Jerome, Arizona: An American “Ghost Town”

It’s tempting to relate the complete history of Jerome, Arizona here.  The town has an interesting, if rather violent and sad, past and a somewhat sordid present.  However, this is a photography blog, and I want to show you some pictures.  If you Google Jerome Arizona History you’ll find plenty of sites to read if you’re interested.  Let’s just say that the hills of this desert town are rich in copper.  The proliferation of electricity (which makes use of copper wire) and the needs of the first World War made this a huge, booming copper town.

Above we see some implements of early copper mining business.  Jerome’s mining and ore extraction process actually predates copper smelting technology, so that pot above simply heated up the ore, and workers poured off the good stuff at certain temperatures (some gold, some silver, lots of copper).  This pot is not without horrific, leg-melting accidents in its past.  There’s a joke about casting the first stone in there somewhere, but I’m too lazy to extract it.

Visually, the most striking aspect of the town are all the original buildings that still stand today.

It’s what happens when you play Another Brink in the Wall backwards.

Why are all these images yellow?  That’s easy.  It was incredibly hot and sunny when we were there.  When you’re in a desert town, at some altitude, and the locals are complaining about the heat, then you know it’s hot.  It was like being on some kind of Star Trek planet.  The heat was oppressive, the air seemed to dampen noise, and yes, it was yellow.

Perhaps I should put the word “stand” in quotes as these structures are barely clinging to the landscape.  Although everything looked like it was carefully positioned and crafted to look old and abandoned, I was assured that this is really how the town has settled over the years.  Let’s not forget that people still actually live here.

The architectural relics do exist and are fun to look at.  Some of the original structures were damaged in fires or other calamities over the years and have been rebuilt.  They’re still there too and in use today, but having four walls and roof isn’t quite as visually interesting.

There are also several places where ancient entrances into the mines can still be found.

Above, you see a mine entrance and a coal chute built right into the side of the hill.  It was implied that parts of the old mines are still secretly in use today.  Our tour guide made a point of extravagantly winking when he was ‘not’ explaining this to us.

Another fun structure is the old jail.

It’s fun because there’s mummified human bodies still in it.  Check out that car in the upper right corner.  It’s up an embankment and about 30 yards away.  That’s where this jail used to stand.  Over time, it has migrated, relatively intact, to its current location.

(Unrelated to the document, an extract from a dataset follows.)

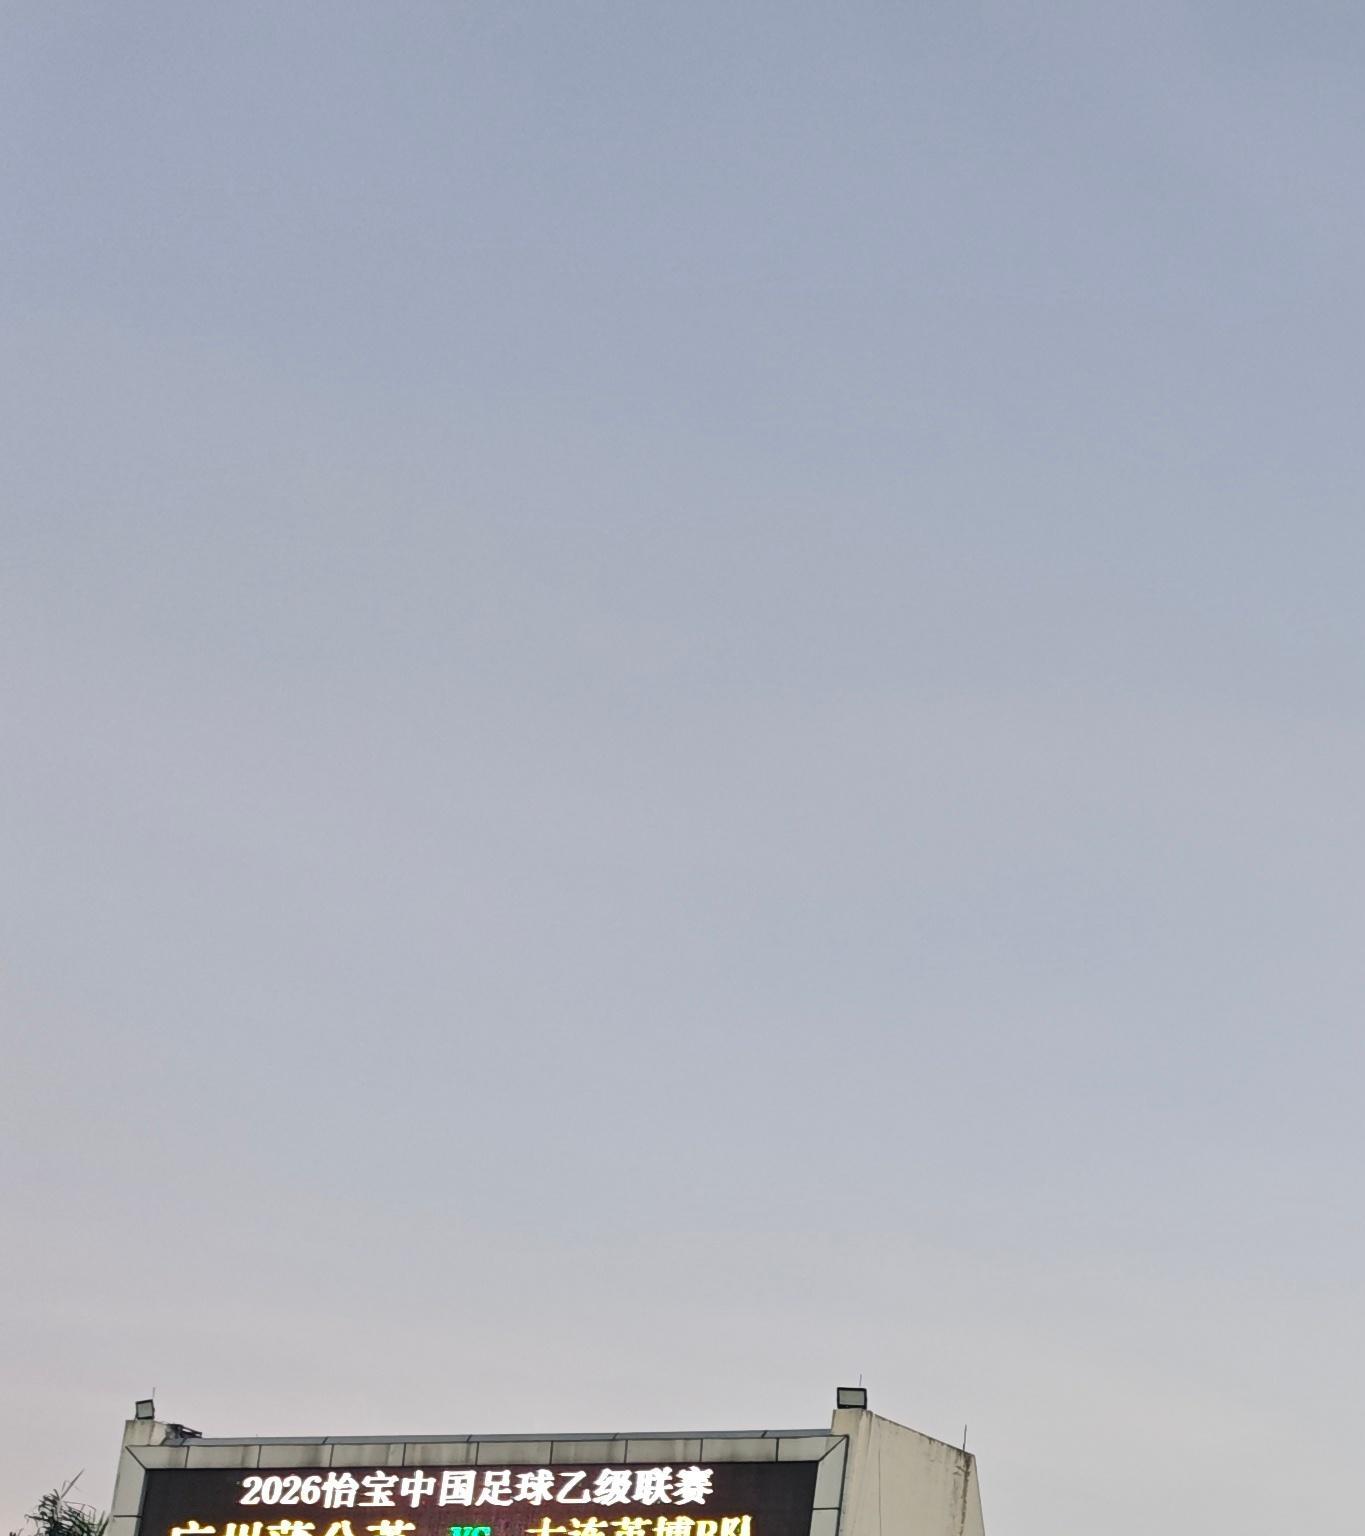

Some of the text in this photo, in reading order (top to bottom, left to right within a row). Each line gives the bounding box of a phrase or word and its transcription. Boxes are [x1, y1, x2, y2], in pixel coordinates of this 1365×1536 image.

[240, 1468, 714, 1508] 2026怡宝中国足球乙级联赛
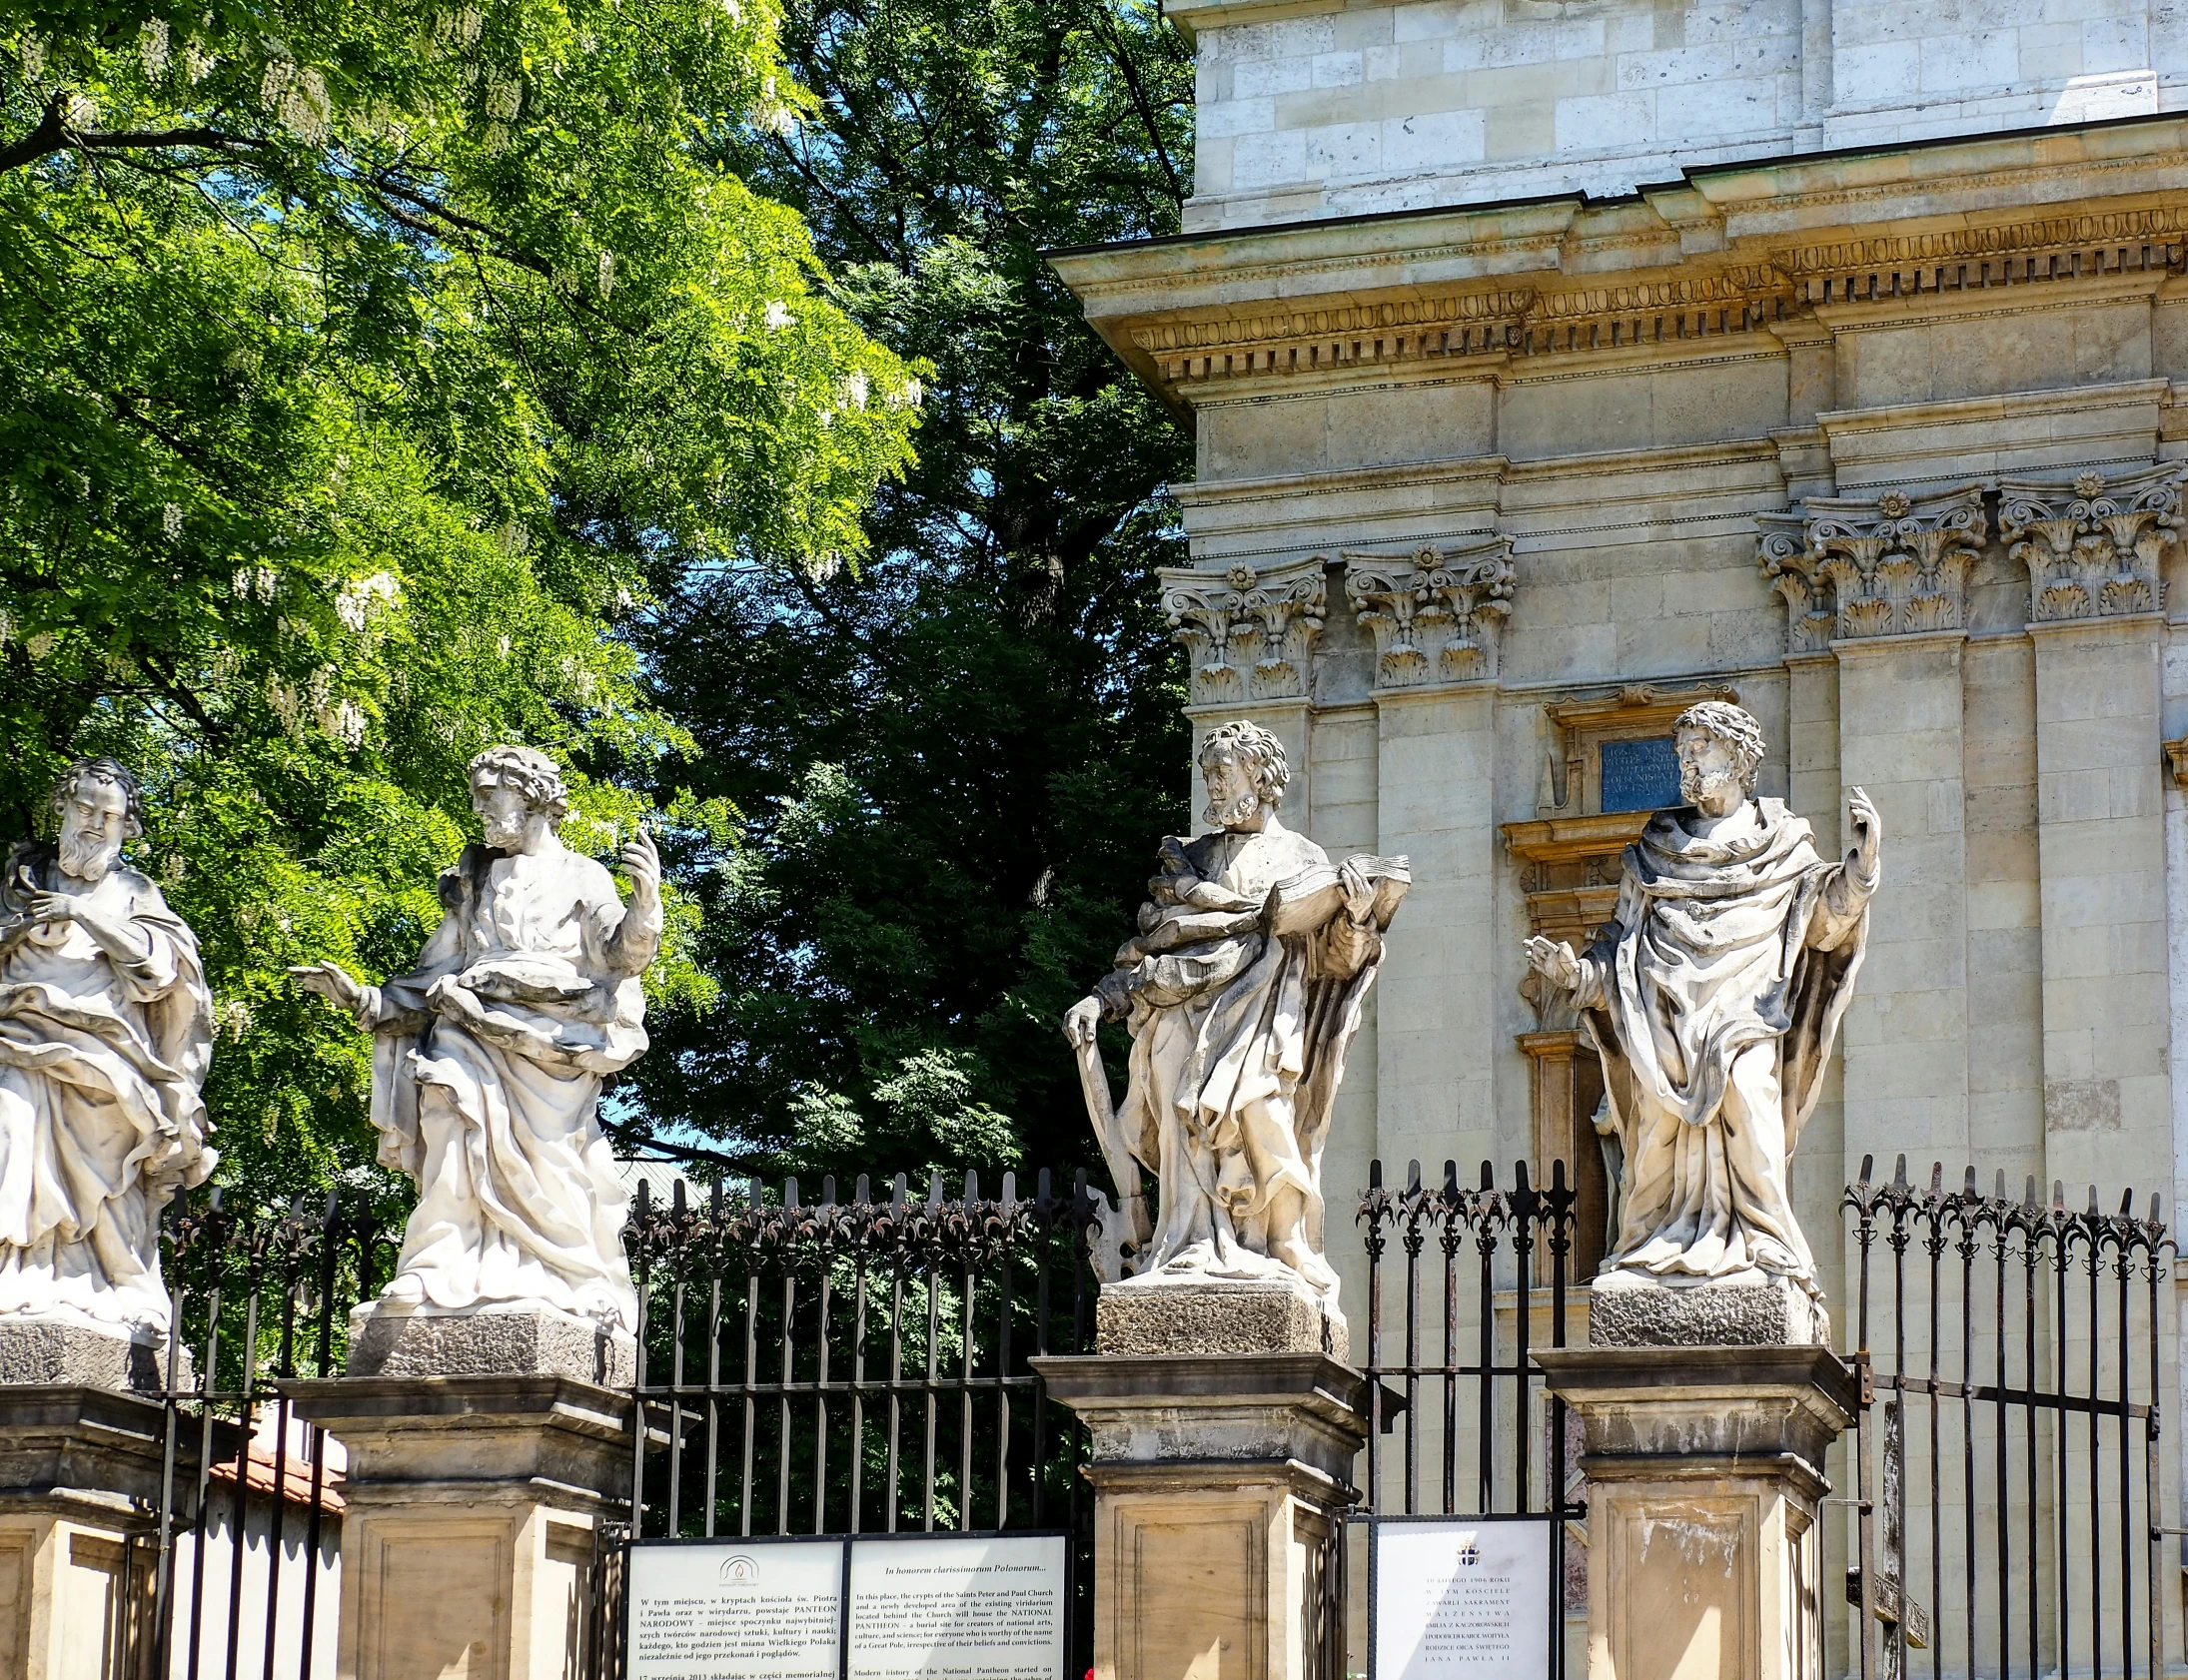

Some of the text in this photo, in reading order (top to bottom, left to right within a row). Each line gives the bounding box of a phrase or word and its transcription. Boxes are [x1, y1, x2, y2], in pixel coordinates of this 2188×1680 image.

During our visit, we also got lectured on the subtle differences between a bordello, a brothel and a plain old whore house.  Apparently there are differences, and it has to do with cost and quality of, um, services provided.  One of the pictures above was originally part of a brothel.  Can you guess which one?  Hint:  When I took the picture, I was standing in the street, on top of a mass unmarked grave of hundreds of people whose identities are lost to history.

On a more positive note, due to some tenuous insider connections, we got a private tour of the Holy Family Catholic Church.  This afforded us access to places where people generally aren’t allowed to go, like the upper balcony.

Jerome, Arizona is called a ghost town, but it’s inhabited by many living people.  The term is used here not to denote a typical abandoned community, but rather in reference to the large number of actual ghosts that haunt the area.  After hearing some of the countless (often horrible, sometimes amusing) stories of the town’s history, I can certainly believe in a high probability of its being haunted.  The current locals swear by it, and some of them are very convincing.  However, if I ever spend a night in Jerome, I’d be more afraid of the building I was in collapsing on me than any paranormal activity.  But, I guess those two things don’t need to be mutually exclusive.